Biography of Johann Friedrich Blumenbach

Physician, anthropologist, naturalist, physiologist, historian and bibliographer, Johann Friedrich Blumenbach is generally regarded as the founder of physical and scientific anthropology. He first used the word ”race” in 1775 to classify humans into five divisions: Caucasian, Mongolian, Ethiopian, American, and Malay. Blumenbach also coined the term "Caucasian" because he believed that the Caucasus region of Asia Minor produced "the most beautiful race of men". Both Carl von Linné (1707-1778) and Blumenbach stated that humans are one species, and the latter remarked on the arbitrary nature of his proposed categories. Blumenbach was also one of the founders of comparative anatomy and the first to lecture on the topic.

Blumenbach was born into a cultured, wealthy Protestant family. His father, Heinrich, was prorector - assistant headmaster - and professor at the Gymnasium Ernestinum in Gotha. His mother, Charlotte Eleonore Hedwig Buddeus, was the daughter of a high government official in Gotha and the granddaughter of a Jena theologian. Thus, from a very early age, Blumenbach was exposed to both literature and natural science.

After completing his Gymnasium studies in 1769, he first attended the University of Jena in 1769 to study medicine. Here he attended the lectures of the mineralogist Johann Ernst Immanuel Walch, the author of Naturgeschichte der Versteinerungen, which interested him in the study of fossils.

Soon, however, he changed to Göttingen where professor Christian W. Büttner, an omniscient eccentric renowned for his linguistic skills, after a sustained pause restarted his conversatorium on natural history. Büttner’s vivid accounts of travel and foreign peoples, occasioned his doctoral dissertation, and gave him the impetus to start his widely admired anthropological-ethnographic collection. His dissertation, De generis humani varietate nativa liber, which became world famous and is considered one of the basic works on anthropology. He was conferred doctor of medicine at the University of Göttingen on September 18, 1775 and already on October 33 that year held his first lecture.

Blumenbach joined the faculty of the University of Göttingen as curator of the natural history collection and extraordinary professor in February 1776, in November 1778 full professor of medicine, holding that position until his death in 1840.

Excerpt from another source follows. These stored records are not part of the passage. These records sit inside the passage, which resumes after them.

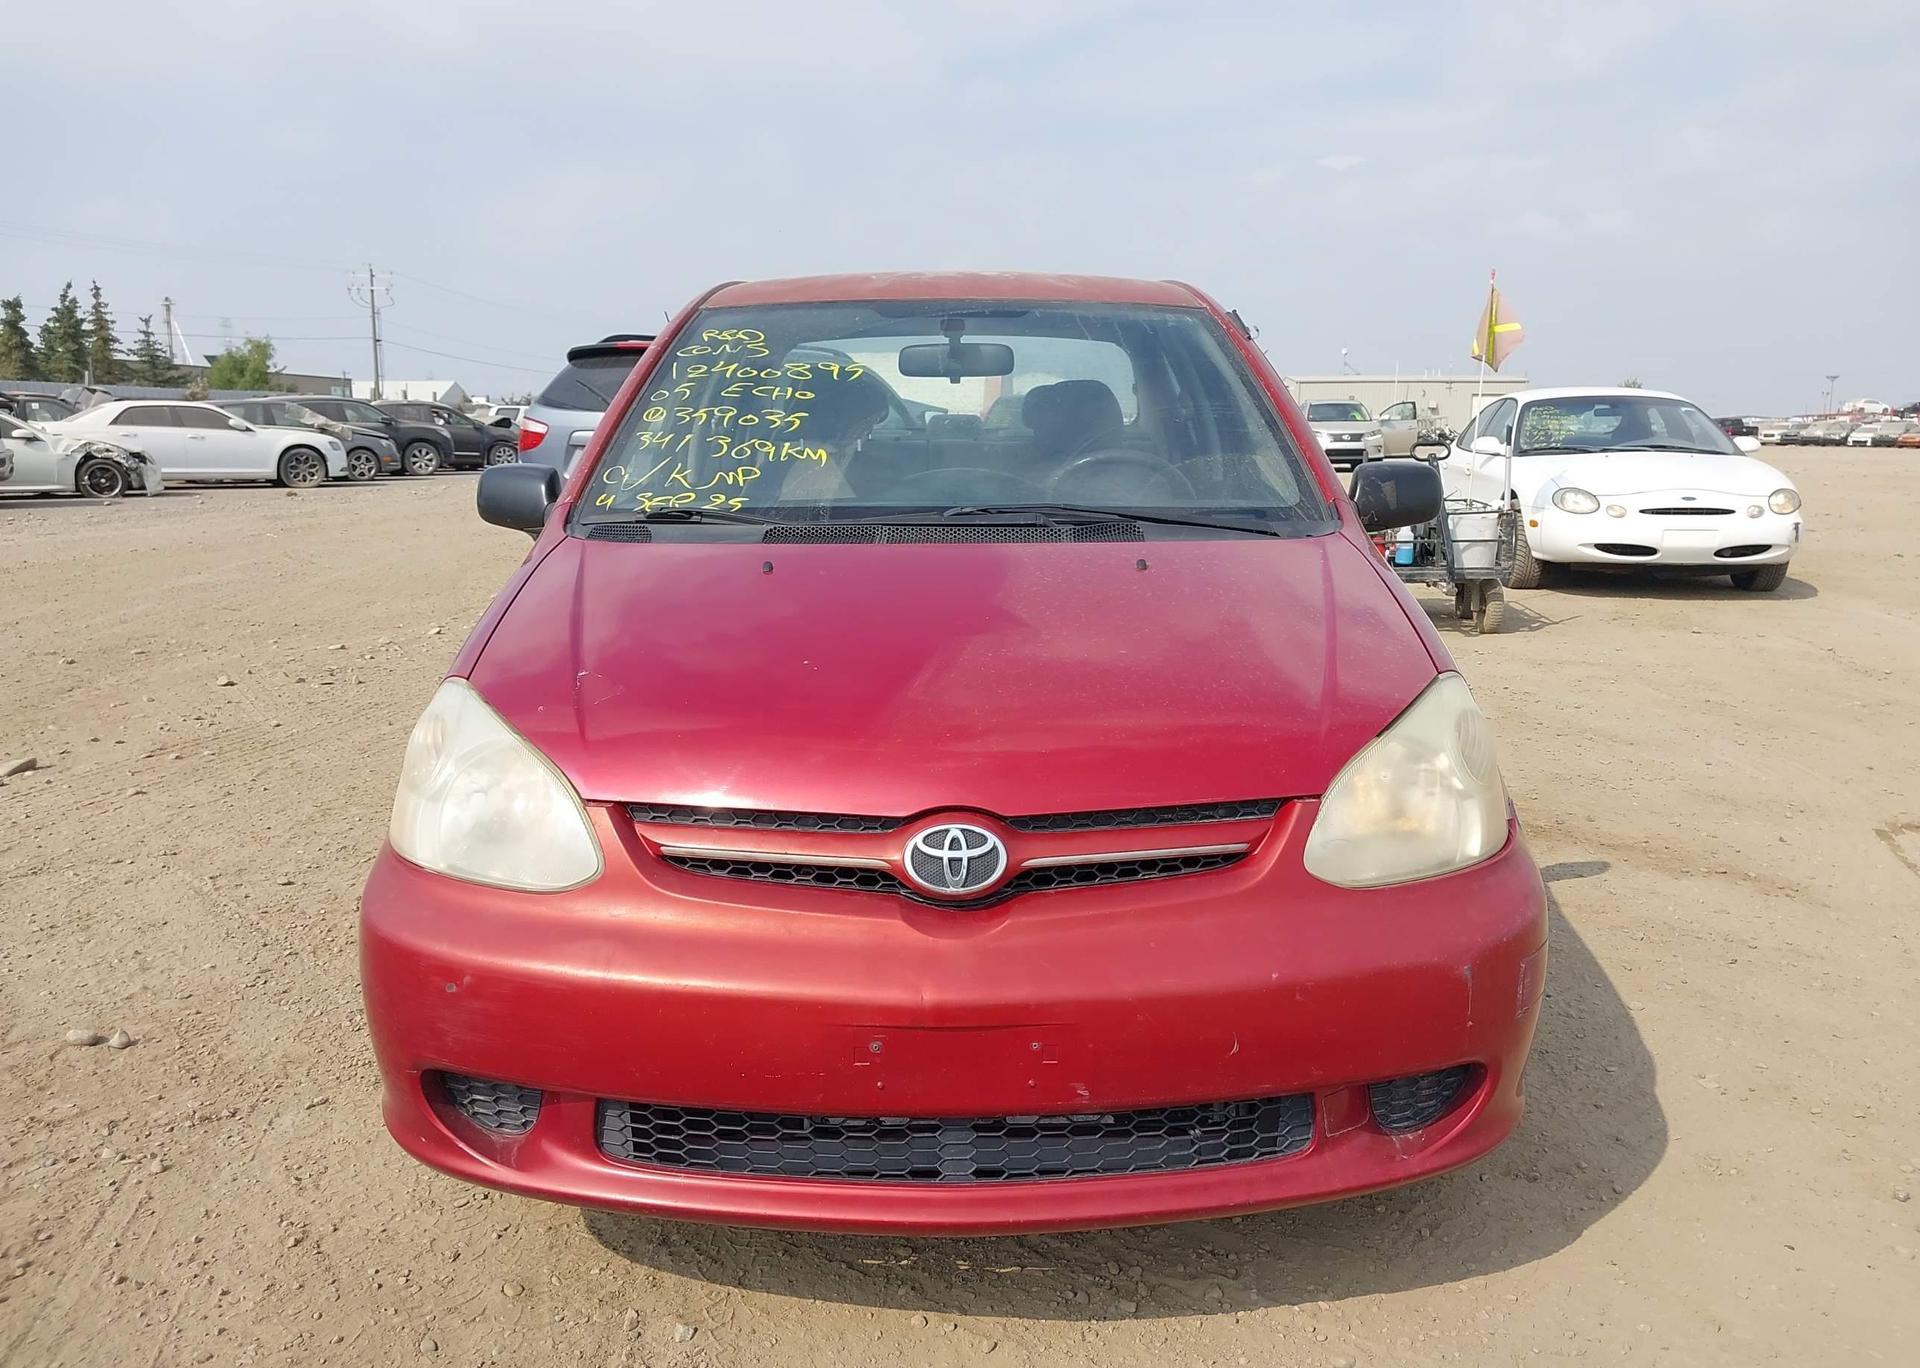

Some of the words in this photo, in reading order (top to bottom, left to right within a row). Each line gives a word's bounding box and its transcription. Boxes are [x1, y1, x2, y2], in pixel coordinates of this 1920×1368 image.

[672, 361, 864, 380] 12400895
[650, 382, 696, 402] 05
[720, 382, 816, 401] ECHO
[702, 493, 750, 512] 25
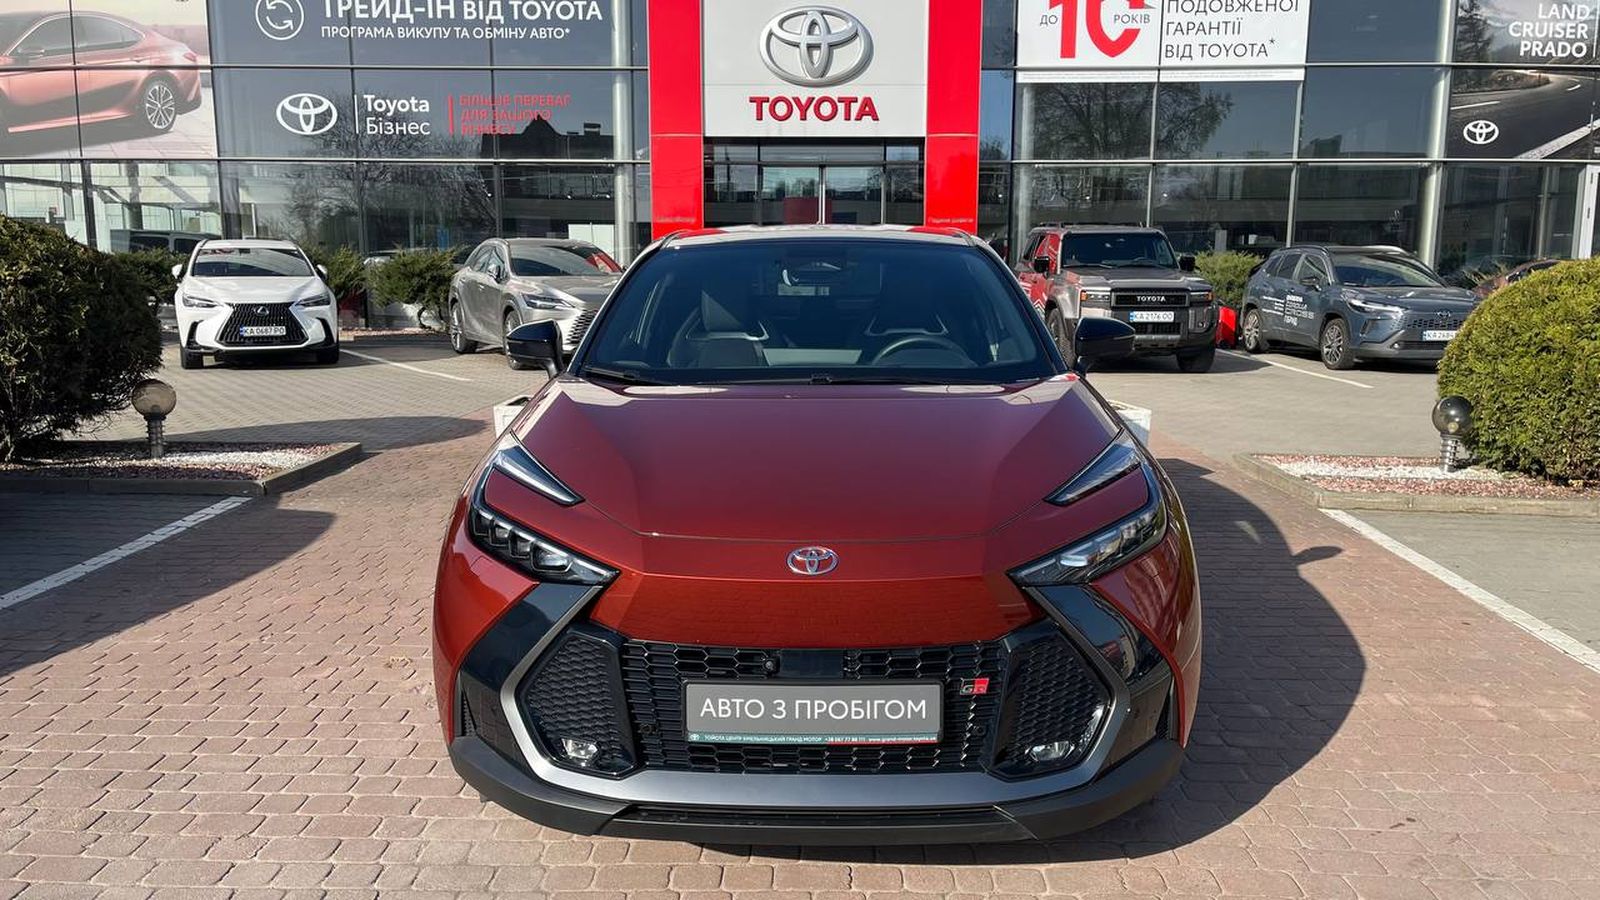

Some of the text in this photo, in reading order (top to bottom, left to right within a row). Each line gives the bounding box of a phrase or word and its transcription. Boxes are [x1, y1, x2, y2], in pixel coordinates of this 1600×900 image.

[463, 0, 504, 24] ВІД
[508, 0, 603, 20] TOYOTA
[1040, 14, 1058, 26] ДО
[1113, 14, 1151, 24] РОКІВ
[1538, 3, 1590, 20] LAND
[321, 26, 394, 38] ПРОГРАМА
[397, 27, 451, 39] ВИКУПУ
[453, 27, 470, 39] ТА
[472, 27, 527, 39] ОБМІНУ
[1166, 17, 1243, 35] ГАРАНТІЇ
[1508, 21, 1588, 39] CRUISER
[1165, 44, 1193, 60] ВІД
[1519, 40, 1587, 58] PRADO
[363, 94, 430, 116] Toyota
[514, 94, 572, 107] ПЕРЕВАГ
[748, 95, 880, 122] TOYOTA
[366, 117, 431, 135] Бізнес
[700, 698, 927, 720] АВТО З ПРОБІГОМ
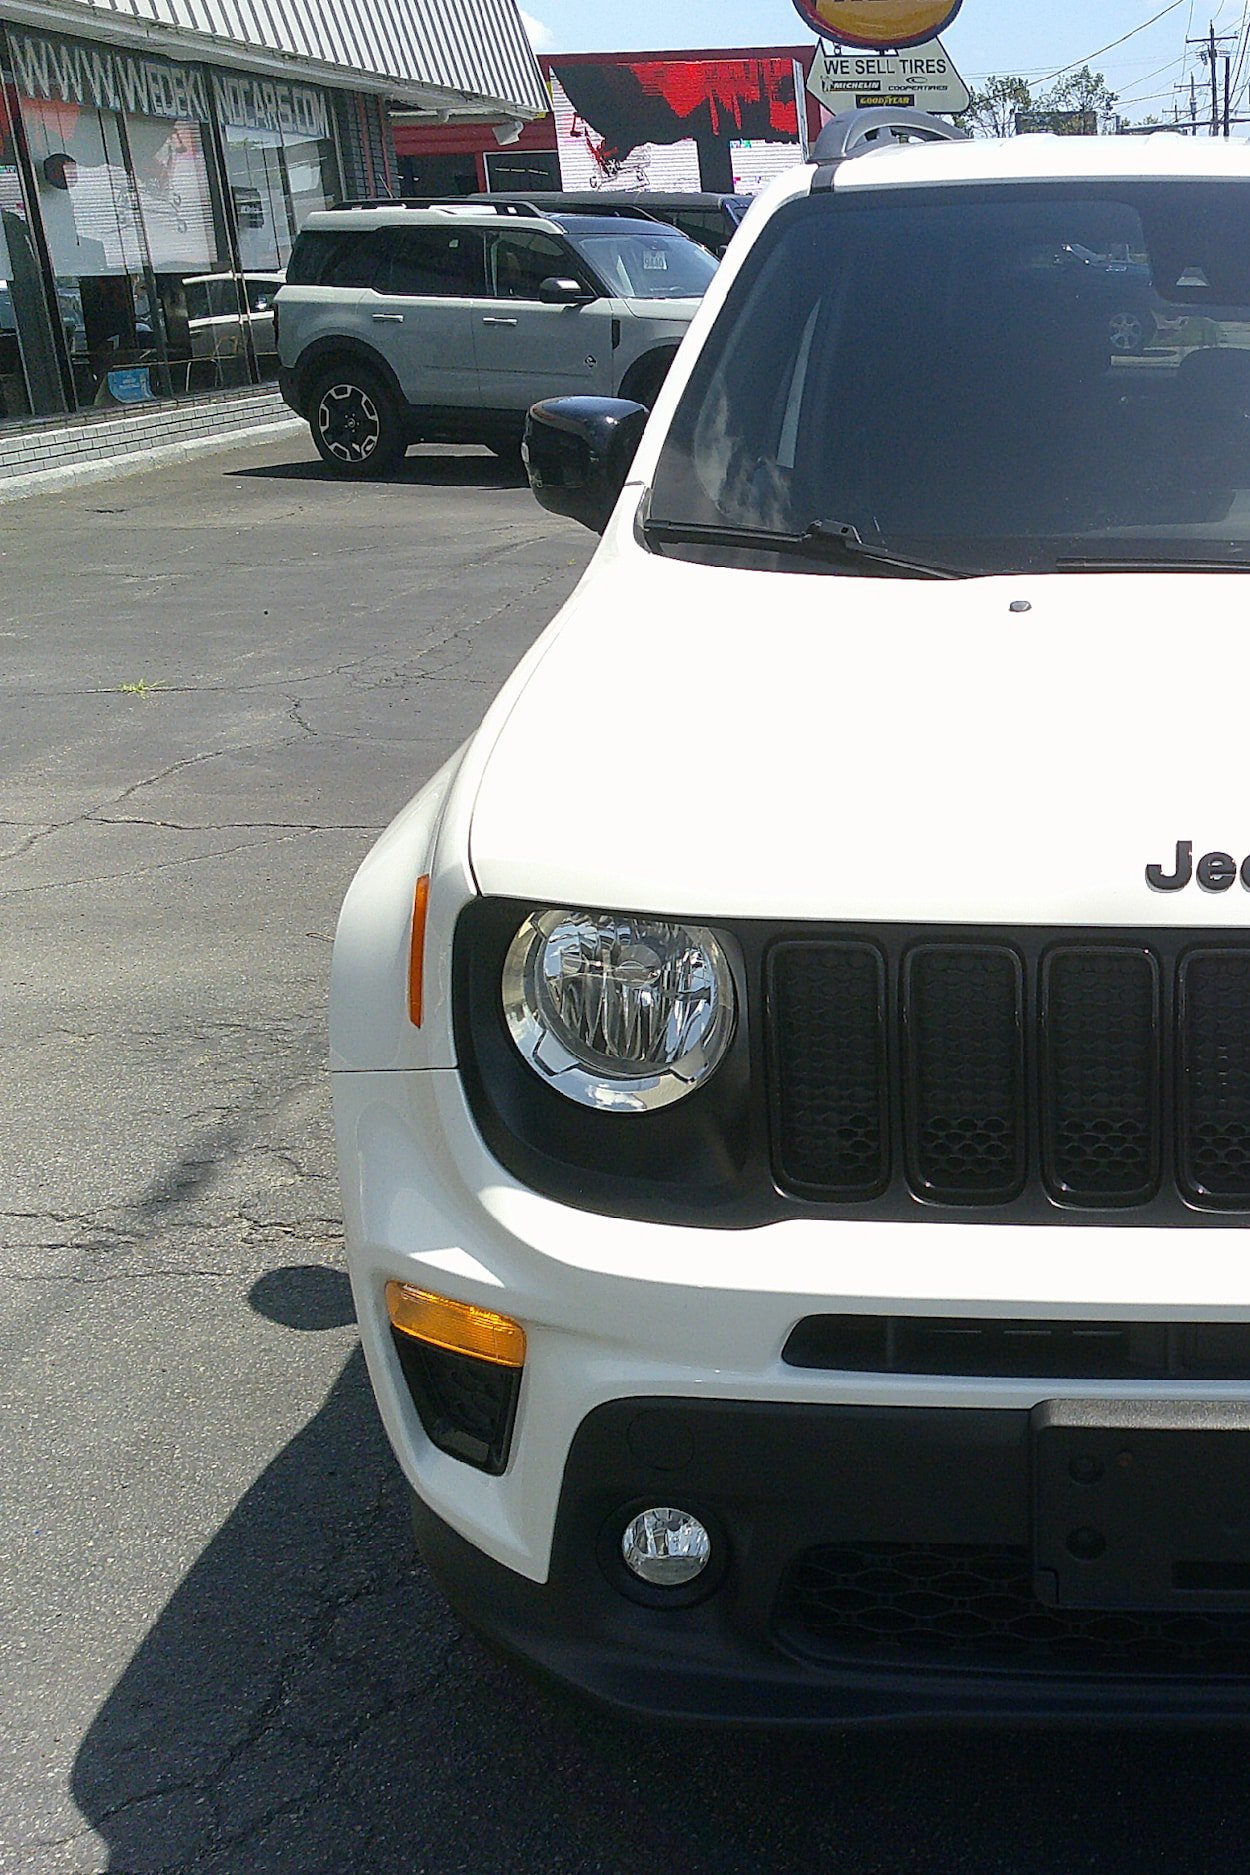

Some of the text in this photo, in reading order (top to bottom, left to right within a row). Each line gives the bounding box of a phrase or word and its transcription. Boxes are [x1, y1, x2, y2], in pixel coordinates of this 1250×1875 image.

[824, 59, 947, 75] WE SELL TIRES
[833, 81, 880, 90] MICHELIN
[860, 96, 910, 106] GOODYEAR

Through marriage in 1778 Blumenbach became the son-in-law of Georg Brandes, who held an influential position in the administration of the University of Göttingen, and a brother in law of Christian Gottlieb Heyne (1729-1812), the classics scholar. These connections helped strengthen Blumenbach’s influence at the university. In 1816 he was appointed professor primarius of the faculty of medicine. In 1784 (19: 1776) he became a member of the Königliche Societät der Wissenschaften zu Göttingen, and in 1812 became permanent secretary to the society’s physikalish-mathematischen Classe. Blumenbach was either a regular or corresponding member of more than seventy other academies and scientific organisations, including the Institut de France, the Royal Society of London and Linnean Society of London, the Königliche Akademie zu Berlin, the Imperial Academy of St. Petersburg, and the American Philosophical Society. He carried on extensive correspondence with scientists, the most noteworthy of whom were Victor Albrecht von Haller (1708-1777), Peter Camper (1722-1789), and Charles Bonnet (1720-1793).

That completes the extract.